Might we be afraid of finally getting God’s attention? And what then?
Maybe we Episcopalians want to ensure that we do not side with the showy Pharisee.
We are taught that prayer is listening and talking to God. Any good friendship relies on speaking and listening to the truth in equal measure. Perhaps we are afraid of the awkward silence that sometimes settles in between friends who are reacquainting, so we yammer on just to fill the space.
I know I do, even with more than two decades of contemplative practice under my belt. If we are frightened of genuine give-and-take with the Almighty, then maybe we just go on plugging the gaps with our words.

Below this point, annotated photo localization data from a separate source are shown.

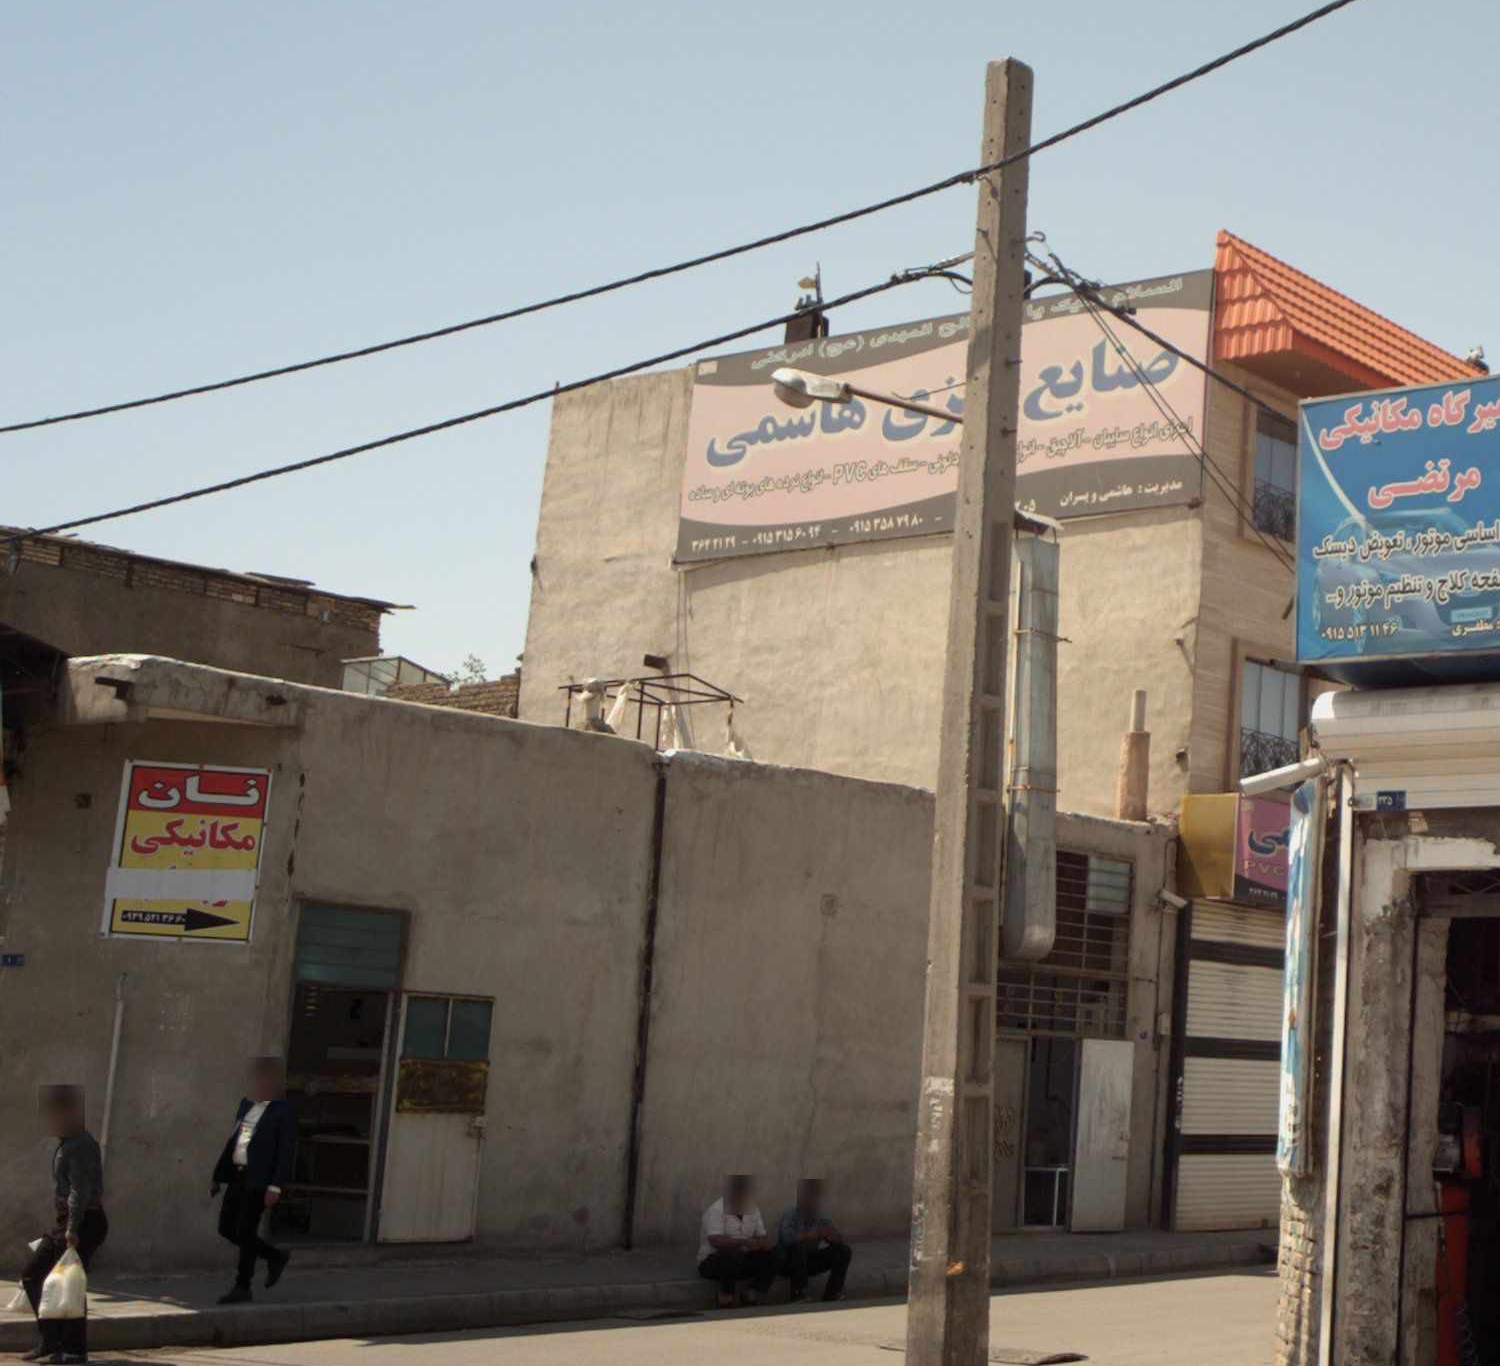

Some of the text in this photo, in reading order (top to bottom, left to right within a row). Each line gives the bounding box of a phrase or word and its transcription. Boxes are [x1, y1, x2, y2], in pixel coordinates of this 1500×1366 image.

[1023, 335, 1180, 421] صنایع
[882, 375, 965, 442] زی
[1318, 397, 1423, 450] مکانیکی
[1016, 437, 1037, 463] انوا
[832, 460, 867, 485] PVC
[1367, 458, 1482, 510] مرتضی
[1312, 535, 1357, 559] دیسک
[1359, 529, 1406, 562] تعویض
[1347, 582, 1383, 608] موتور
[1384, 575, 1423, 608] تنظیم
[1424, 579, 1434, 601] و
[1436, 570, 1468, 604] کلاج
[138, 774, 260, 809] نان
[130, 819, 256, 856] مکانیکی
[1243, 858, 1286, 877] PVC

Or perhaps we mask our desperation with a lovely form of politeness I sometimes call “Please give me what I want but no more than I can handle.” In the Book of Common Prayer, the prayer “For Rain” pulls its punches (in a very English way) when it asks God to send “such moderate rain and showers, that we may receive the fruits of the earth.” The petitioner is aware of the problems brought on by both drought and flooding and would not want to be responsible for accidentally starting another biblical disaster, so asks only for moderate precipitation.

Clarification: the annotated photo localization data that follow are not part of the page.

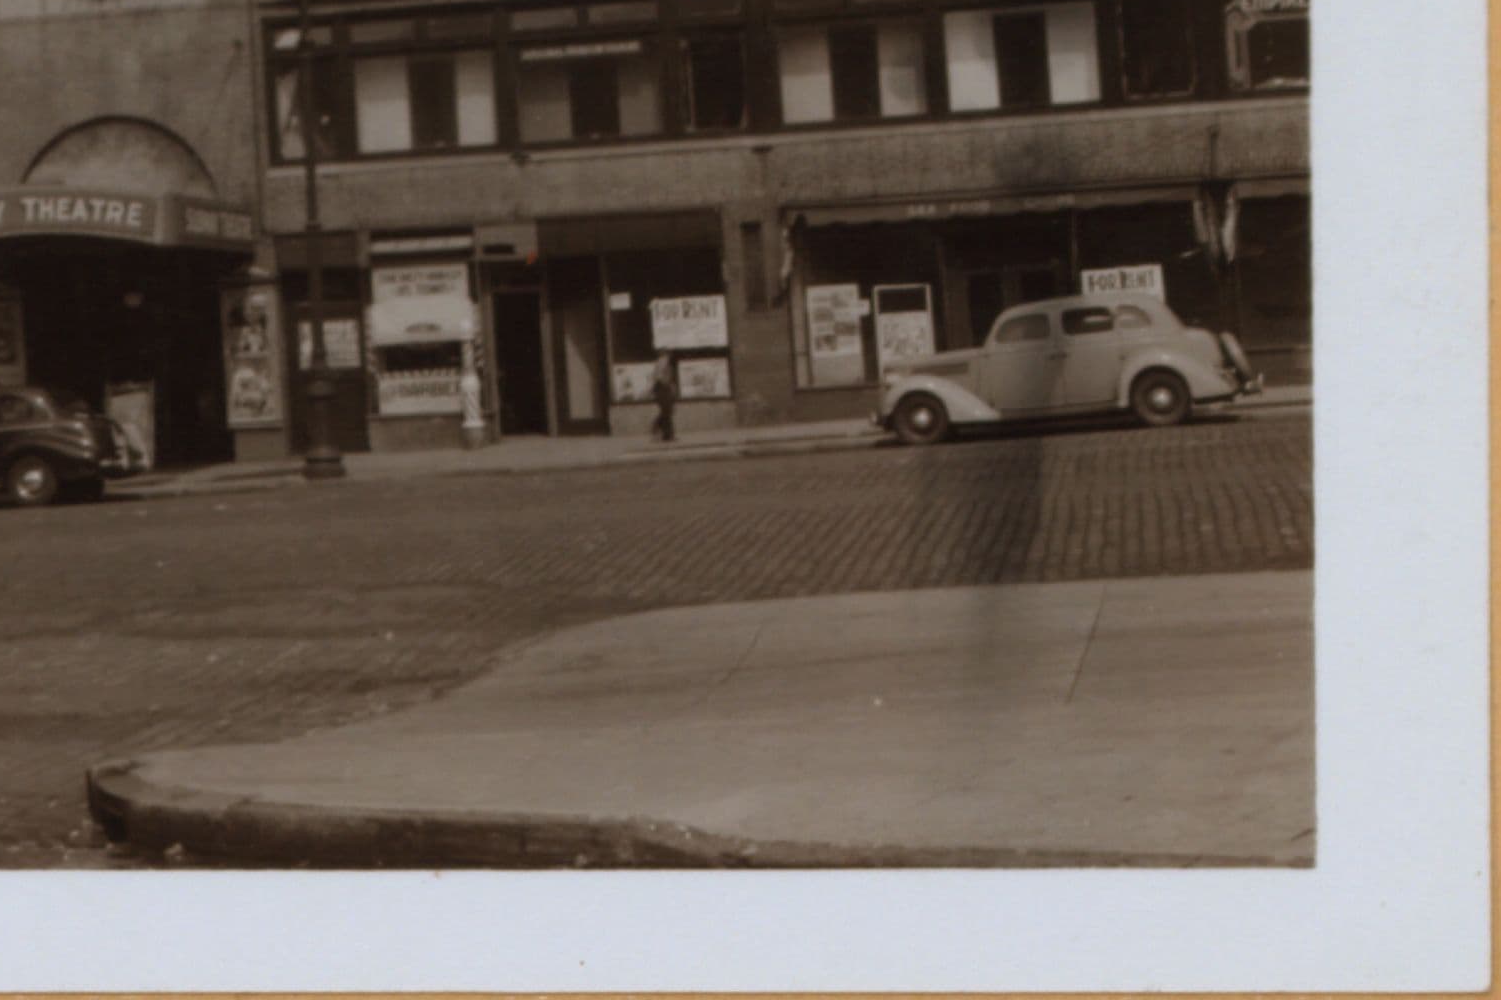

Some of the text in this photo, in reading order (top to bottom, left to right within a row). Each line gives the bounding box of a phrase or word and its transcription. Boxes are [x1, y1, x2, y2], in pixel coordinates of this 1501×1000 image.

[19, 197, 144, 228] THEATRE
[1087, 269, 1156, 293] FOR RENT
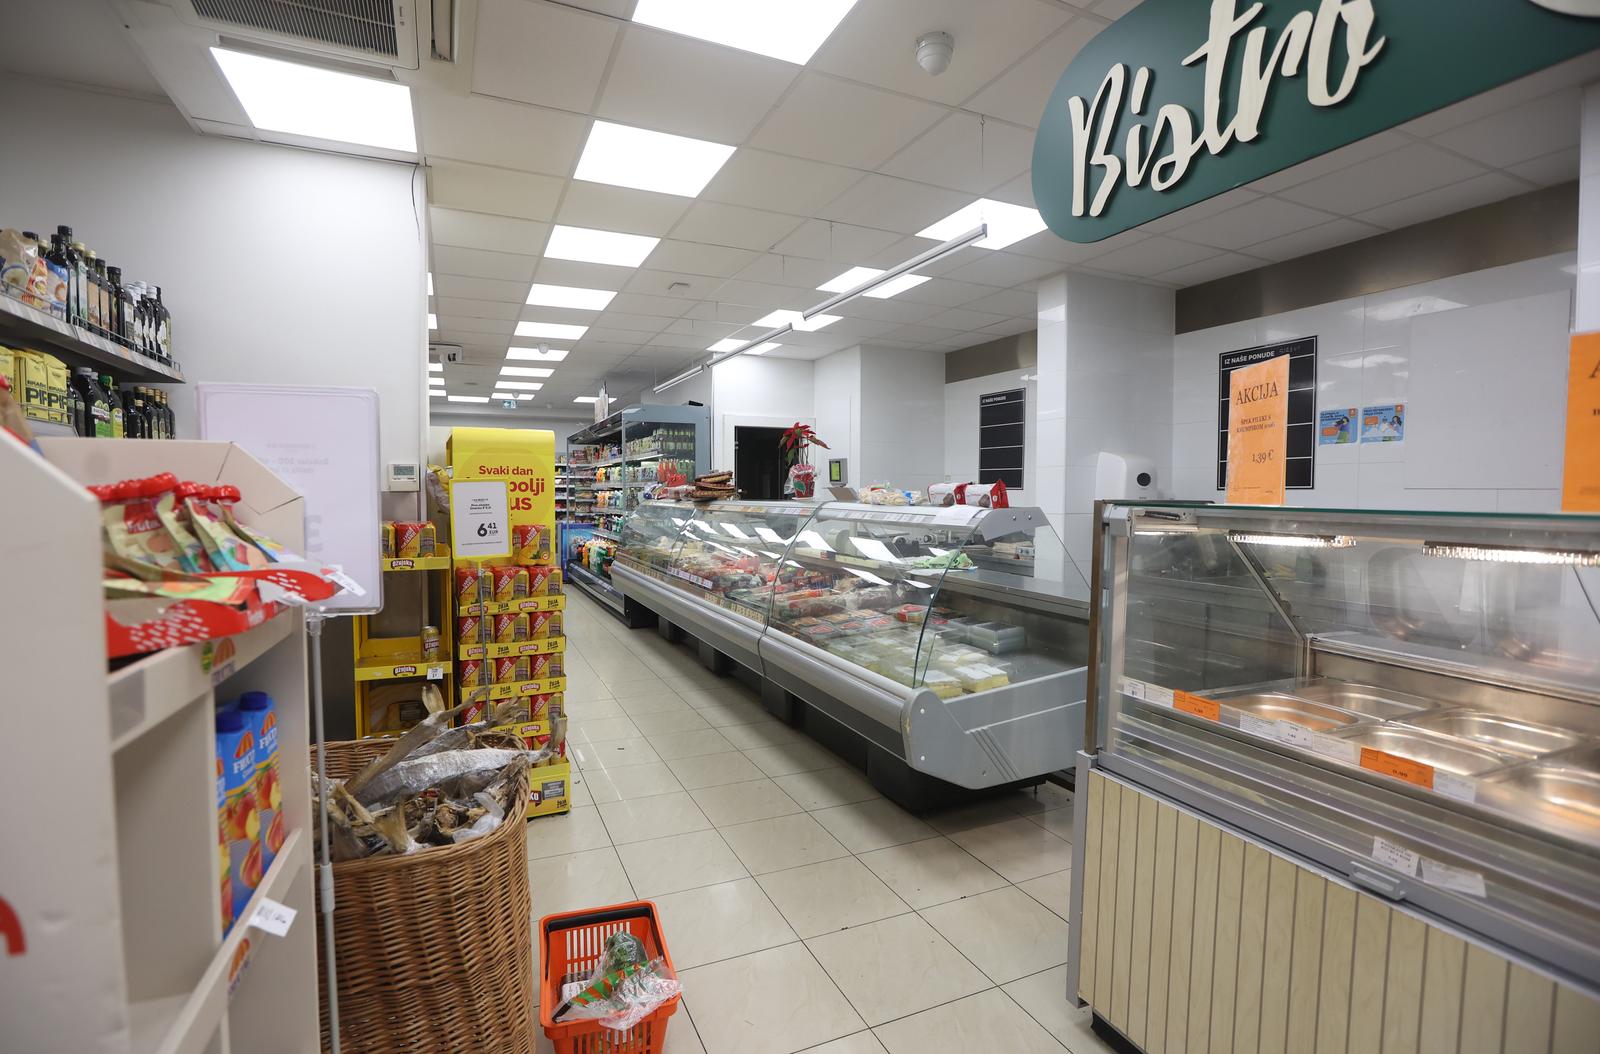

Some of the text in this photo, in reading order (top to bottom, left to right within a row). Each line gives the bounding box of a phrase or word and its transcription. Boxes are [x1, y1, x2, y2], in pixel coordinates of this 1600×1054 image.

[1067, 0, 1390, 218] Bistro
[1231, 354, 1248, 364] NAŠE
[1248, 350, 1275, 362] PONUDE
[1235, 380, 1279, 406] AKCIJA
[1267, 449, 1275, 461] €
[478, 465, 534, 476] Svaki dan
[477, 523, 488, 538] 6

Raw lament is alive in public worship, whether expressed with words or in the stillness of heart and gut.
Or does the petitioner only mean not to be greedy, that we only need the rain we need, and give the rest to someone else? But the crops are burned to a crisp and the cattle are falling over. How do we express genuine urgency? Do we dare?
Meanwhile, all these years in Episcopal congregations, I keep listening for the urgency. During this long stretch of the pandemic, I think I’m “hearing” that urgency from time to time. I don’t necessarily mean something audible, but the sensation in the room of a people at prayer motivated by extreme circumstance: interior keening, quietly driven, silently guttural but still the pointed result of some clear pain.
Raw lament is alive in public worship, whether expressed with words or in the stillness of heart and gut. I want to remain mindful of the need we have to articulate it, in whatever way we would do it, in whatever way aligns with our tradition and practice. I want to hold space for it as surely as I hear Jesus beckoning to himself all who are weary and carrying heavy burdens.
The last time I drove through Waldron, I passed the church. Briefly I wondered whether it had been shuttered for good, but I was soon overwhelmed by foundational memories of the sights, sounds and smells of that congregation when it was at worship. Grandma’s piano playing surfaced among those things recalled and remained foremost as I kept going.
I wonder whether she knew in her lifetime how many souls she had helped set free by her ministry. If not then, surely she knows now.